A National Agricultural Policy

FEA (“Funding Enlightened Agriculture”) was recent established specifically to direct new farms and markets and even research projects towards appropriate finance, and to provide appropriate business advice. FEA is a project of the Real Farming Trust, a registered charity.

Taken together all these mechanisms, movements, and trends add up to what might be called – to invert a famous quote from Edward Heath – “The acceptable face of capitalism”. Capitalism should be not be “smashed” as the extreme Left suggests, for this would certainly be difficult and probably counter-productive. But it does need to be rescued from reductionist, amoral pit into which it has been allowed to sink.

Clearly, there are many specific ways in which a political party could help to smooth the path for all of the above endeavours – though in the present manifesto a general statement of intent will suffice.


1: The Future of Food and Farming. A Foresight report chaired by Sir John Beddington. Government Office for Science, January 2011.

2: Agriculture at a Crossroads. Report by the International Assessment of Agricultural Knowledge, Science and Technology for Development. Co-chaired by Professor Hans Herren of the Millennium Institute, Washington, and Judi Wakhungu of the African Centre for Technology Studies. 2009.

4 thoughts on “A National Agricultural Policy

  1. Thank you for a brilliant article. It will stimulate me to put pen to paper on a wider range of issues where the same kinds of principles apply.

    I am trying to answer one simple question that either has not troubled the finest minds in economics or has proved too difficult. That question is ‘how do we move jobs to people, rather than expecting people to move to the jobs?’

    Your writings have given me a lot of new ideas to mull over.

    1. Your question is thought provoking & challenging Joe, only I’m wondering whether the terminology tends to limit the possible options…would it be more helpful to put the notion of “a job” on one side temporarily, and replace it with the more replete term “livelihood?”

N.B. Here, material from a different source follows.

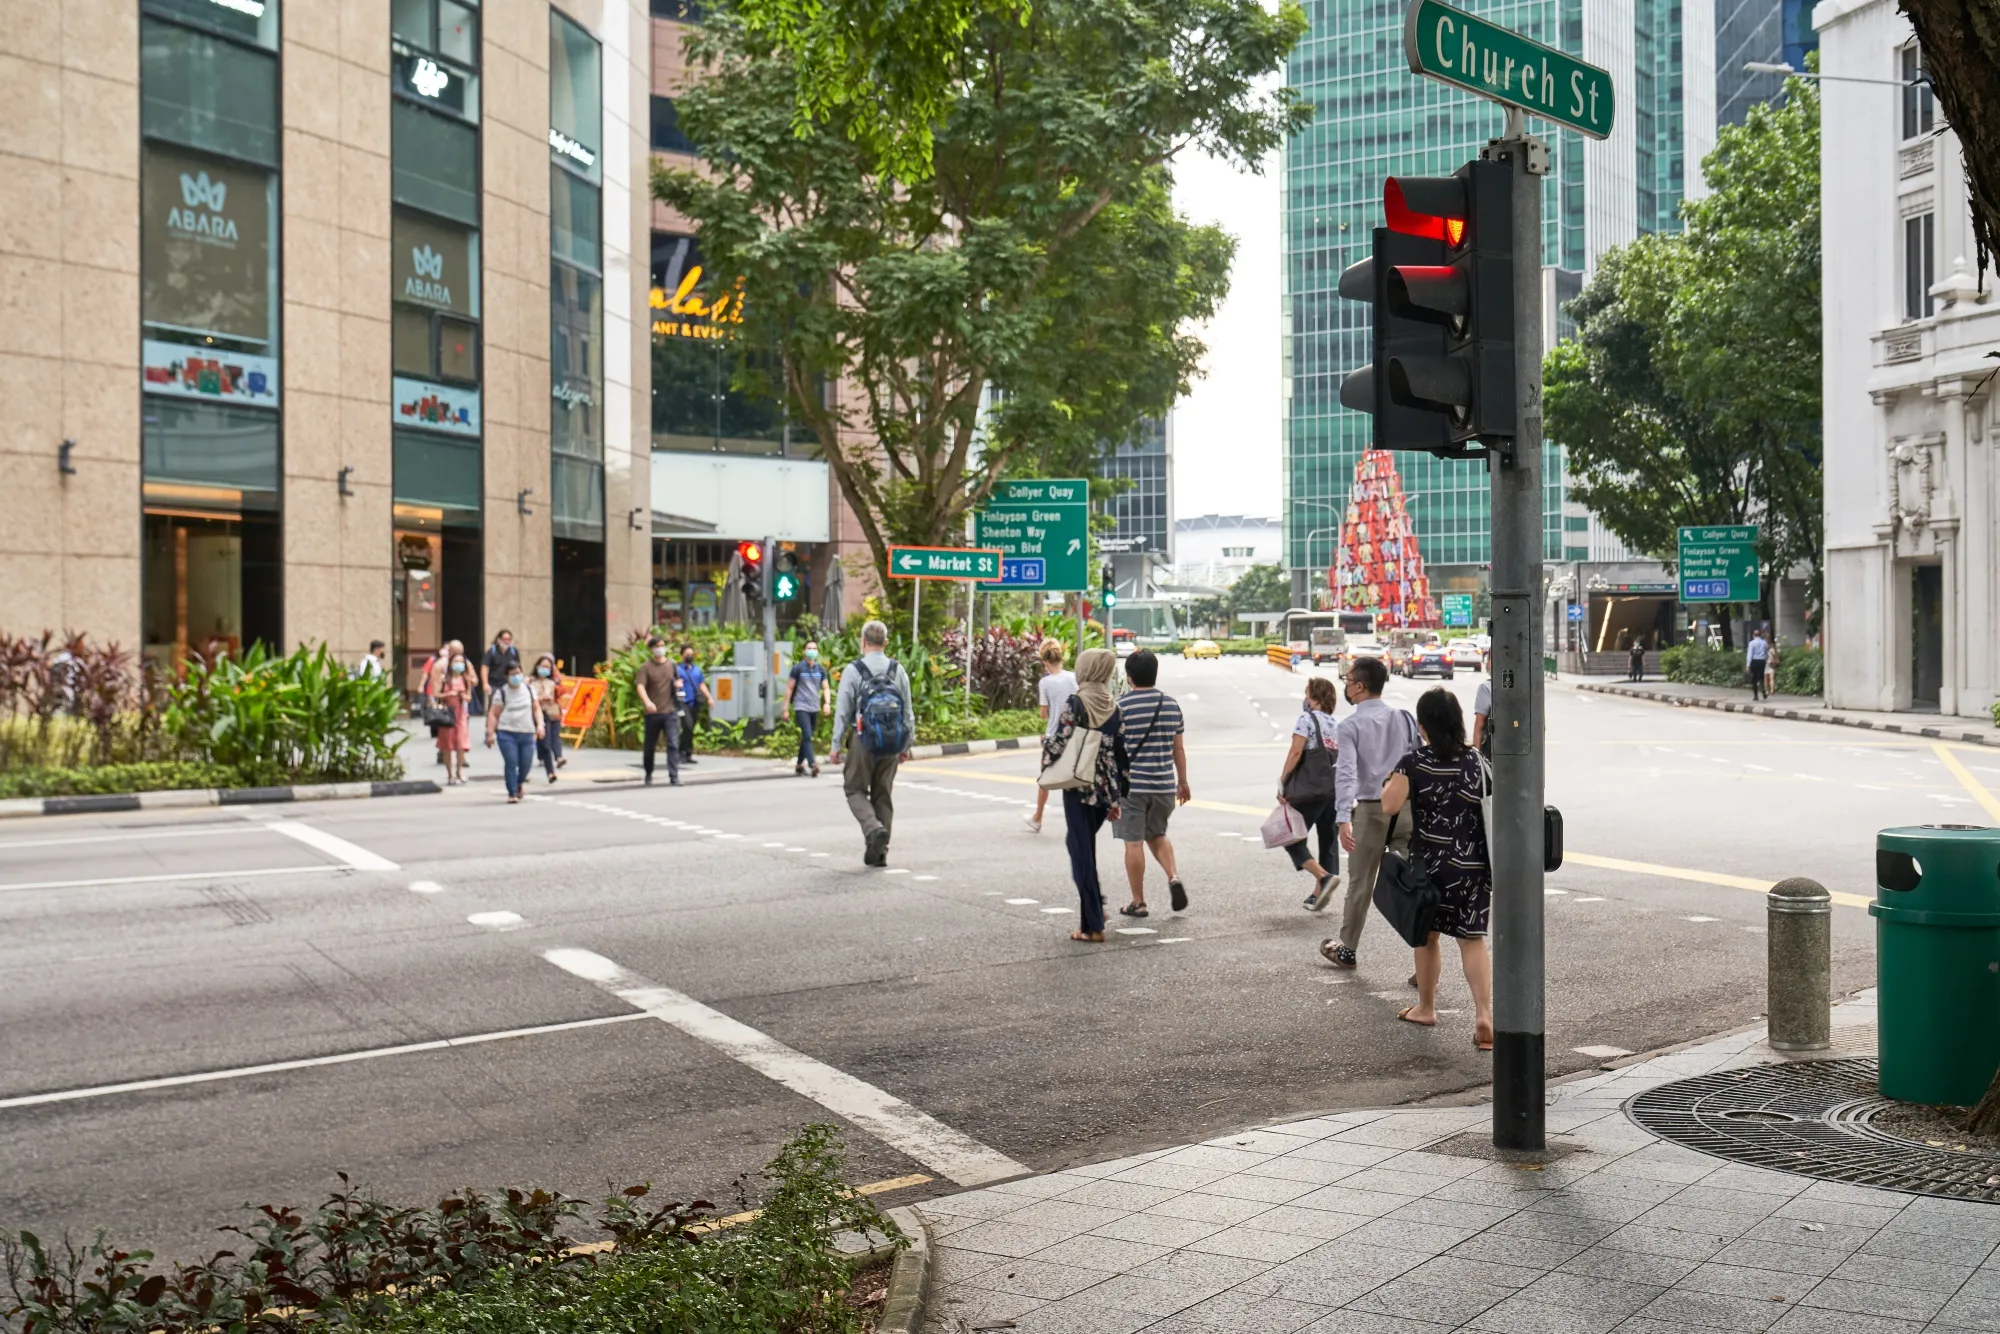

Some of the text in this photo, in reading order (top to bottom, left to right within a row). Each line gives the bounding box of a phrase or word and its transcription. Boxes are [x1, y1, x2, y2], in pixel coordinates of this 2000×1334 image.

      My point is that livelihood implies engagement with one’s surroundings, one’s total environment, stakeholding, interacting and being embedded within a community of intent; whereas “job” may only suggest a “conventional” structure of employment, that suggests one’s probable dependence and vulnerability to shifting priorities, like the flux of “markets” serving shareholders’ profit motives, without their direct participation or personal involvement.

      Once we define ourselves as merely “labour,” as only an economic component or potential tool for some business enterprise or other, we are no longer self-determining autonomous beings with creative potential and needs beyond simple gainful “employment.”

      I think your inverted emphasis is extremely helpful, but perhaps that inversion demands more complex, reflexive context ~ some “added (psycho-social) value…”

  2. Towards the end of your article you talk of land ownership, the only way is nationalisation, but to keep on side the farmers that would be effected, would need a massive educational understanding on their behalf to forgo family ties to the farm and the future.This would be do able, provided the profit that would have been made and put back into the farm for equipment ,stock etc would now be covered by legitimate hand outs to cover the improvements, thus giving the farm a way forward with an incentive and interest for all concerned.

    1. I think the devil is in the detail on this one Peter. The impression I have is that family farms to a very great extent have already been sold off and consolidated, under agribusiness corporate protocols.

      Land is also being bought up and only maintained as an investment hedge, not only here but internationally. A comprehensive, up-to-date, survey might reveal some surprising statistics.

      Personally, I’d like to see the development of adaptable, carefully conceived, design templates for sustainable, small-scale, technologically appropriate and self-contained, self-sufficient cooperative ventures.

      Something sufficiently flexible, yet robust enough to persuade the big landowning entities like the Crown, to lease or grant rights to multiple permaculture type small-holdings or “cellular” initiatives right across the country.

      Poundbury in Dorset was an intriguing socio-architectural experiment, sponsored by the Duchy of Cornwall, an idea that could be adapted in a different form to accommodate working aspirations and agrarian renaissance rural needs. I think we should be encouraging such bold visionary thinking.

      The trick would be to devise an adaptive, enlightened formula that satisfies the highest standards of ecological estate management and land stewardship, whilst empowering participating stakeholders, rather that imposing a procrustean regimen that stifles independence, individual sovereignty and self-expression.

      I actually think Colin’s proposed network of colleges, could form the coherent infrastructure for such a diverse programme of rural “repopulation.” We need more people on the land, but in ways that offer the means to improve habitats rather than degrading them, either biologically or aesthetically.